Specifically, these plans failed to clearly define the arena in which the company wished to play, either by not defining the market category, not understanding the true market size, or not defining the existing and potential competition. Here are some tips for developing those areas of your business plan:

Say who you are. Some business plans are like Tootsie Pops: It takes you forever to get to the heart of the matter. I’ve read some business plans where it takes three pages to get to a description of what the company does, and even then, it’s a bit fuzzy. My point is that a good plan must clearly and succinctly describe the company and define what it does in the very first paragraph. Being able to pinpoint the market you are addressing and how you are going to address it may seem easy, but it requires a great deal of research to get it right.

The common problem is that the descriptions in most business plans are often so heavily laden with Dilbert-style buzzwords that they become almost indecipherable, if not completely indistinct. But with good research, market knowledge, and an understanding of the competitive landscape, you can craft a vivid and compelling business proposition that stands out from the crowd.

Don’t mistake market size for the addressable market. Mistaking the total market size for the actual market in which you will be doing business is the most common and most fatal of all business-plan errors. For example, if online advertising is your company’s key revenue stream, you may be tempted to say something like “The market for online advertising will reach a total expenditure of $5 billion by the year such and such.” While your assumption may be correct, it is irrelevant to your business.

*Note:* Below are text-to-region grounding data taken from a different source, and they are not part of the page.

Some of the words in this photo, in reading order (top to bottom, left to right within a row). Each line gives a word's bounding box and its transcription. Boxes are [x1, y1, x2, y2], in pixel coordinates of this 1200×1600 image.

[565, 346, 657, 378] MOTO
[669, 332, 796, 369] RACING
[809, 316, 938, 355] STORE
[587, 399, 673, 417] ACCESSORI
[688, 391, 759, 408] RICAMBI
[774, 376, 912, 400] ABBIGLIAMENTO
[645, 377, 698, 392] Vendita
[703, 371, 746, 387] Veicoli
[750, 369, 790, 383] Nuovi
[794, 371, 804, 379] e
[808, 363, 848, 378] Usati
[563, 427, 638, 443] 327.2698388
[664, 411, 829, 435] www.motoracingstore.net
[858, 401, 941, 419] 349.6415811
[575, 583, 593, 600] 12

Why? Because your business probably focuses only on a particular niche within the total market size.

Let’s say that your company is targeted toward women — wait, even more focused, toward teenage girls. The more relevant number would be the addressable market size, or how much money is going to be spent in online advertising targeting teenage girls. And while I don’t have those numbers, I can assure you it is much less than the total market size. One more thing — remember that you will not be commanding 100 percent of that addressable market. You need to convince potential investors that your business can obtain enough of a share of that addressable market to be a going concern.

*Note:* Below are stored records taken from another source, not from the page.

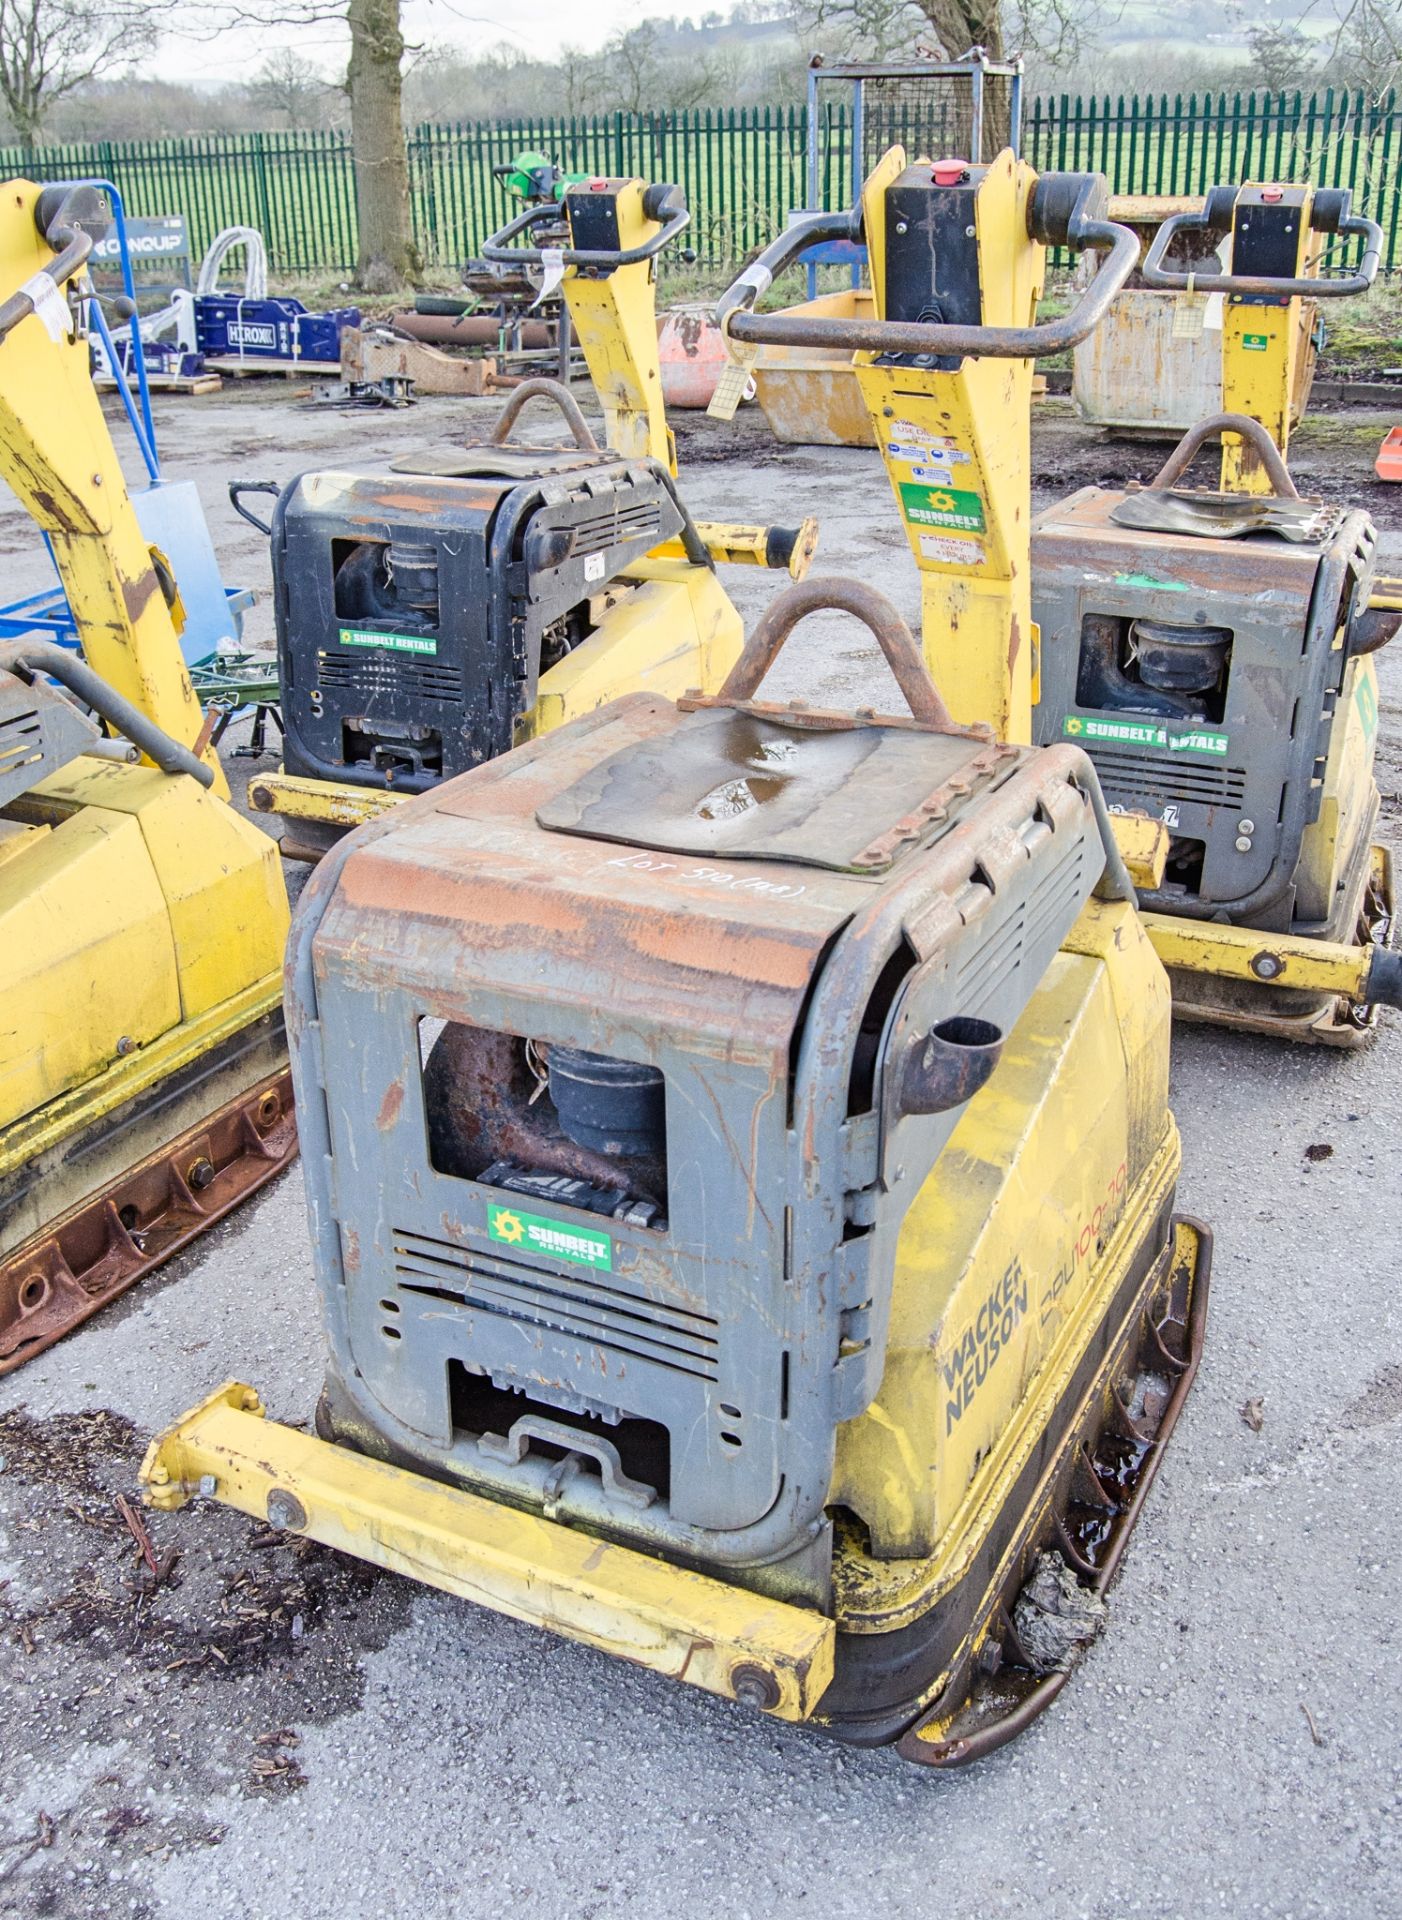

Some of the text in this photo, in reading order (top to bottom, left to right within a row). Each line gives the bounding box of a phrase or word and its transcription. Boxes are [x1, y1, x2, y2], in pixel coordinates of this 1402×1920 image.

[107, 235, 181, 253] CNQUIP
[230, 326, 272, 344] HIROX
[908, 508, 979, 526] SUNBELT
[920, 518, 971, 529] RENTALS
[354, 634, 435, 651] SUNBELT RENTALS
[1087, 722, 1154, 741] SUNBELT
[607, 853, 676, 871] LOT
[528, 1224, 606, 1257] SUNBELT
[540, 1242, 595, 1261] RENTALS
[946, 1280, 1027, 1436] NEUSON

Know the competition. Another common mistake in business plans is a less-than-thorough and/or unrealistic understanding of the competition. The competition is more than the people in the immediate space you may be competing in. Sometimes the toughest competition comes from an outside or peripheral player who jumps into a space when it sees a big opportunity.

With all the research tools literally at your fingertips, there is no excuse not to provide a thorough examination of existing and potential competitors in your space. You should look at everything from company positioning, product offerings, product feature sets, and so on. You need to prove to potential investors that you understand the competitive landscape and have a plan for navigating your way through it. And nothing will kill a pitch faster than not including a potential competitor in your plan strategy and then having the person you are pitching to ask why that competitor is not in there. You come out looking dumb, naove, or both.

Certainly there are other critical components to a good business plan, including financial projections, revenue models, pricing, and channel strategy. Still, you’ll never get that far with potential funders if you can’t grab them with your core business concept, the potential size of the market, and a desirable competitive landscape.